My mother fosters and we currently have an 8 year old.


The 8 year old has been so badly behaved all day and still at it which is making me really mad because all i want her to do is to shut up and quit being naughty and annoying. i know that she has had a bad past and she knows it, she knows shes being naughty she just doing it for the sake of it, she knows what shes doing because she sits there smiling and its causing me my mum and sister to argue but we all dont agree with each other . the 8 year gets really jealous when my mum speaks to me and my sister
 
I'm sorry that she is getting on your nerves. If it helps at all keep in mind that her behavior is probably her acting out of pain. Many foster kids have a history of abuse of some kind, either from other foster parents or their biological parents. So if I were you I know it might be hard but you might consider trying to reach out to her. Offer to bring her for some ice cream or something. If she acts paranoid and wonders why you're being so nice to her, don't take it personally. Having to jump from one household to another household really tests a child's faith in the ability to love unconditionally. If I were you I would try to show her that you can love unconditionally.
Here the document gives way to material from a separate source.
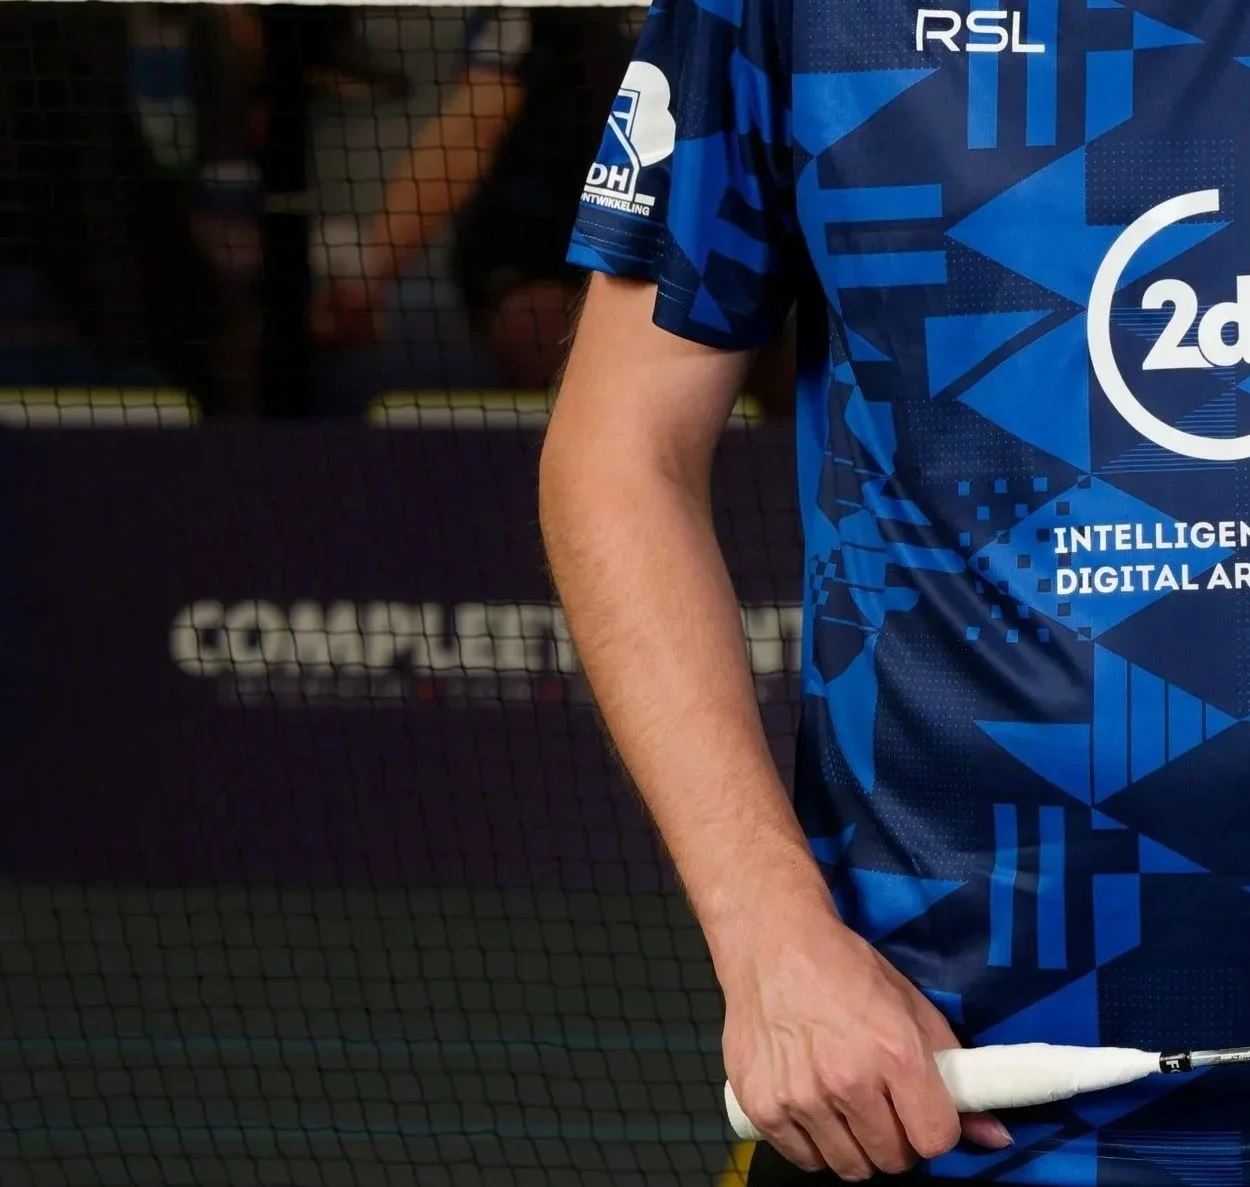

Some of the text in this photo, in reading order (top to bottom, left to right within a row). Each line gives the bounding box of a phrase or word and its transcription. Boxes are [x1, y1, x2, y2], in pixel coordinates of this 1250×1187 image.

[916, 9, 1045, 53] RSL
[580, 192, 650, 217] NTWIKKELING
[1056, 564, 1199, 595] DIGITAL
I know it's hard on you and your mother too. It's hard to deal with someone who has attention-seeking behavior, whether or not they're aware of it. I hope all goes well and I hope things get better with time. Please keep me updated. Also remember I'm on AIM if you ever need someone to just listen to you. I know you probably have a lot on your nerves from her so if you need to complain I completely understand. Plus it is better for you to get your feelings out talking to someone else rather than acting on them towards her. So PM me whenever you need. I'm all ears.

<hugs>
 
Well, your mom and sister shouldn't yell at each other over someone else.

If I was mad at my girlfriend, should I yell at my best friend about it? No. I should be talking to (not yelling at) my girlfriend about it, not my best friend.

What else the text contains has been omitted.